Storm in the Midst of Calm
In a prior report, we suggested that a crowded boat may serve as a metaphor for the stock market. If the crowd becomes too enthralled by the starboard view and moves all together to that side, the boat is likely to capsize.
During this past quarter, the crowd began to move all to one side, but each time pulled back. The boat was then able to stabilize. This happened repeatedly during the quarter. Each time a dunking was averted….
While markets as measured by indexes seemed calm, there was tremendous intra- market turbulence. During the last quarter, there were a record number of 10% daily moves for individual S&P 500 stocks. On June 13, the NASDAQ 100 rose 0.57% despite 70% of the index names falling.
On days like this, it seemed that Nvidia, whose market cap rose a trillion dollars in only 23 days before losing $700 billion over the next three days, Apple, which continued up despite Chinese and antitrust problems, and an occasional company like Costco, with a 53X earnings multiple despite only a 10% growth rate, were all that held the market indexes up. For the year to date, the bottom half of the S&P 500 has not advanced at all.
Within the “magnificent seven,” even Tesla careened wildly. Year to date it lost over 28%, but then in only seven days through July 3 got it all back.
There were other hints of trouble even in the index returns. By May, the capitalization weighted S&P 500, led by the big winners, had still not outperformed treasury bills since its 2022 high or reclaimed its inflation-adjusted high, although it had reached numerical new highs. For the quarter, long-term treasury bonds earned a minus 3% and gold rose over 4%, more than the S&P 500.
The NASDAQ 100 did well, but recall the math of investing as illustrated by the NASDAQ return around the end of the dot-com bubble in 2000. Having risen 300%, the index then collapsed. Even buying exactly at the moment the index started to rise 300% would not have prevented a subsequent wipe out. Nvidia company executives are currently selling.
Looking beneath the largely reassuring index return numbers, we see the following:
Valuations
At a recent Berkshire Hathaway meeting, Warren Buffett was asked about his $188 billion cash hoard, which he said would probably rise soon to $200 billion. He commented: “We’d love to spend it, but we won’t spend unless we think there really [is] something that has very little risk and can make us a lot of money.

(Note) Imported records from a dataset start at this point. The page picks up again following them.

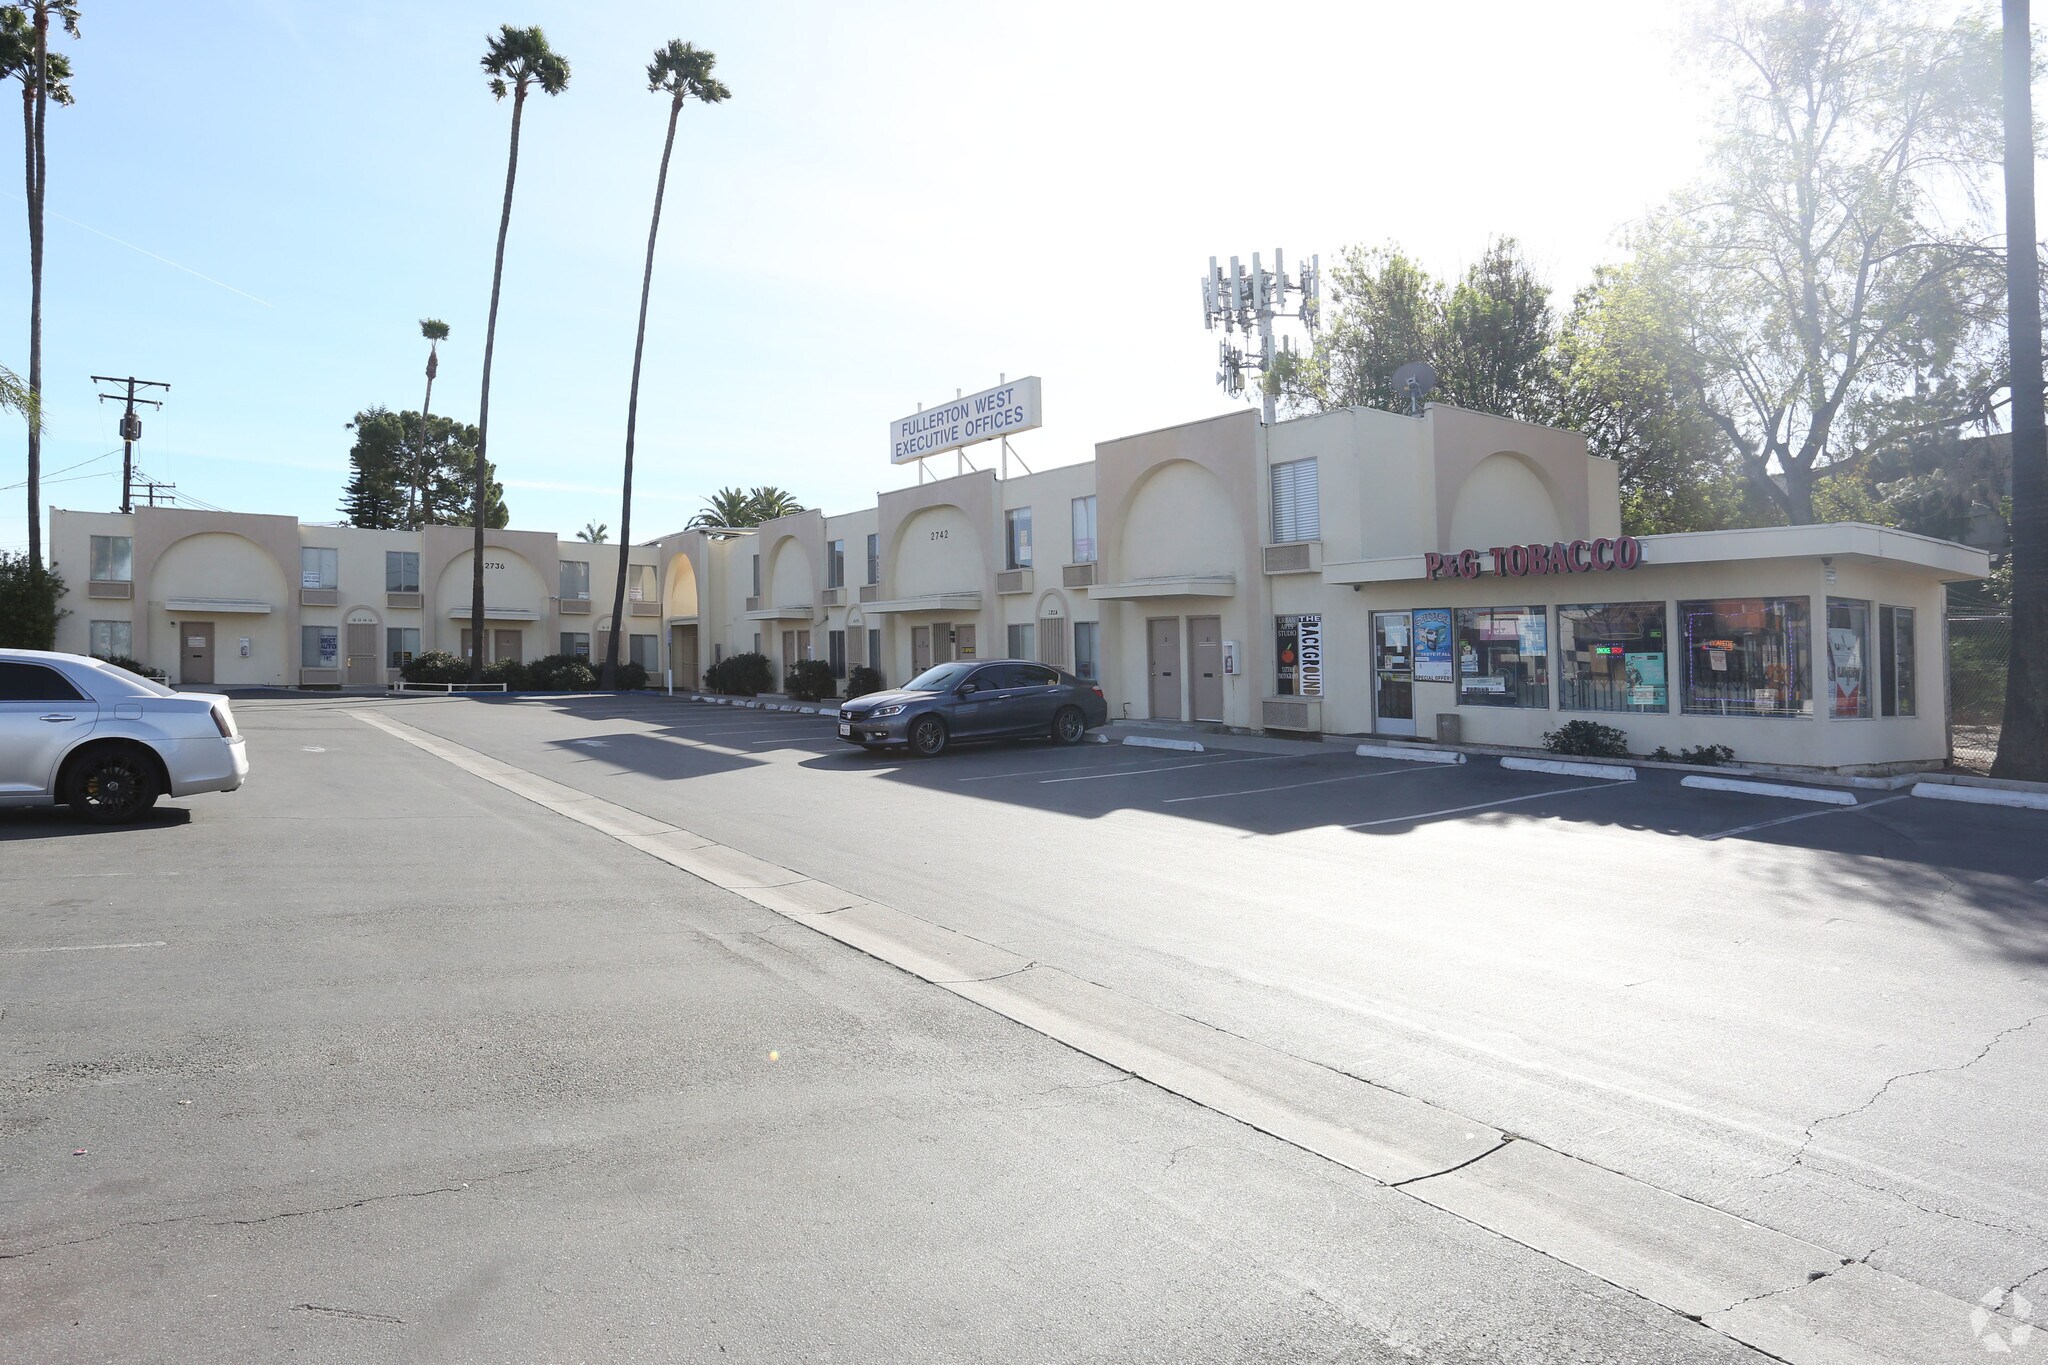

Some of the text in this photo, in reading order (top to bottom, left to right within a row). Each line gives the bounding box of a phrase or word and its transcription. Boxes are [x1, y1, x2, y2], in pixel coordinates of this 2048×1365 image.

[896, 405, 1024, 456] EXECUTIVE OFFICES
[902, 388, 1014, 437] FULLERTON WEST
[930, 529, 949, 541] 2742
[484, 562, 505, 570] 2736
[1424, 536, 1642, 581] P&G TOBACCO
[1278, 629, 1297, 637] STUDIO
[1302, 622, 1321, 696] BACKGROUND

I don’t mind at all under current conditions, building the cash position. When I look at the alternatives, what’s available in equity markets and the composition of what’s going on in the world, we find it quite attractive . . .” He did not mention that his favorite valuation measure, market value to GDP, is also now at an all-time high.

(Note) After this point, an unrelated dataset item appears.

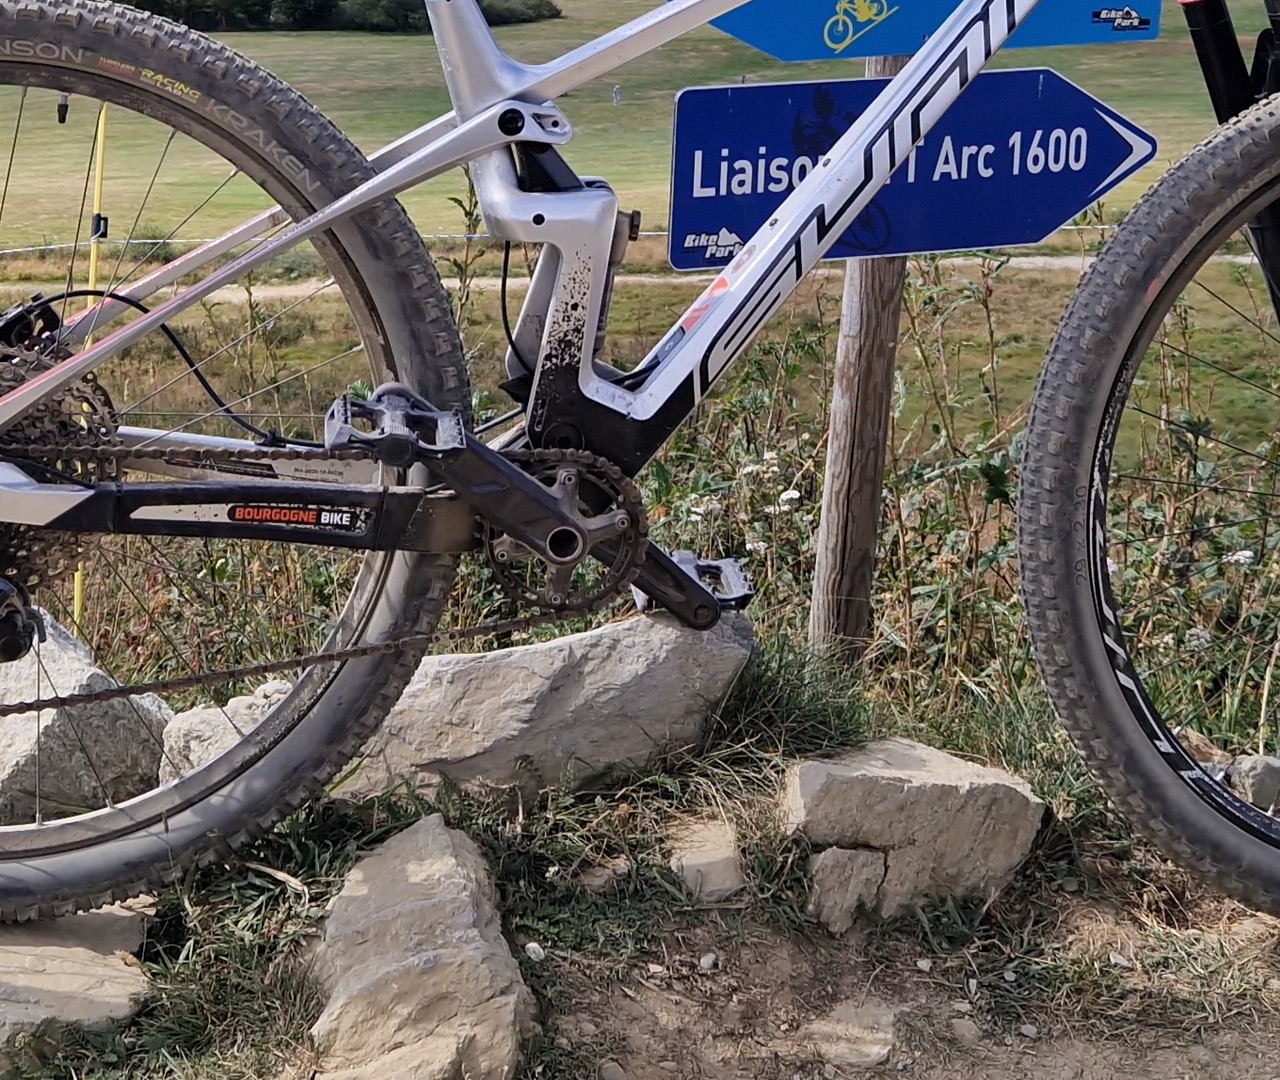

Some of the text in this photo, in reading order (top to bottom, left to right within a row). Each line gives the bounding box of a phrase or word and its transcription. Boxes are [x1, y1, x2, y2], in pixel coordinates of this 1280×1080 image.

Can markets climb even further when they have reached today’s level? They never have in the U.S., but they did in Japan during the late 1980’s bubble there. That bubble actually survived for another two years. On the other hand, after the final collapse, it took thirty-five years for the Japanese market to return to a new high. That is a long time in investment “purgatory.”
Insiders
Only 12% of company executives are currently net buyers.
Supply/Demand/Sentiment
The single most reliable indicator of market vulnerability historically has been the % commitment of individual investors to stocks. Now 42%, this is also an all-time high.
Earnings
Corporate earnings are also at all-time highs, much higher than earlier market peaks such as 1929, 1973, 2000, and 2008. We thus have record multiples on record earnings. This can be contrasted to 1982 when we had the opposite: record low multiples on record low earnings. Following that, the S&P 500 nearly tripled in only seven years.
Concentration
By any measure, the U.S. market is remarkably concentrated. The top ten stocks represent 37% of the S&P 500, a new record. Only three stocks, Nvidia, Apple, and Microsoft, represent 20%. There have been times when a highly concentrated market has broadened rather than fallen apart. This happened last week and could continue, at least for a time.
Economy
We avoid forecasting the economy and instead concentrate more on corporate earnings. It is worth noting, however, that an inverted yield curve and weak leading indicators had previously been contradicted by employment figures, but no longer.
Debt
The underlying problem for China, Japan, and the U.S. is that growth built on debt is not sustainable. Eventually the growth per unit of debt declines to negative while interest payments continue or get worse. Attempts to stimulate the economy through deficit spending or lowering interest rates thus eventually just create even more debt without growth to show for it.
Conclusion
In the past bubbles fooled people because they were so rare. Now they fool people because they have become so common they seem normal. Either way the result is the same: they do not end well. This in turn just creates opportunities.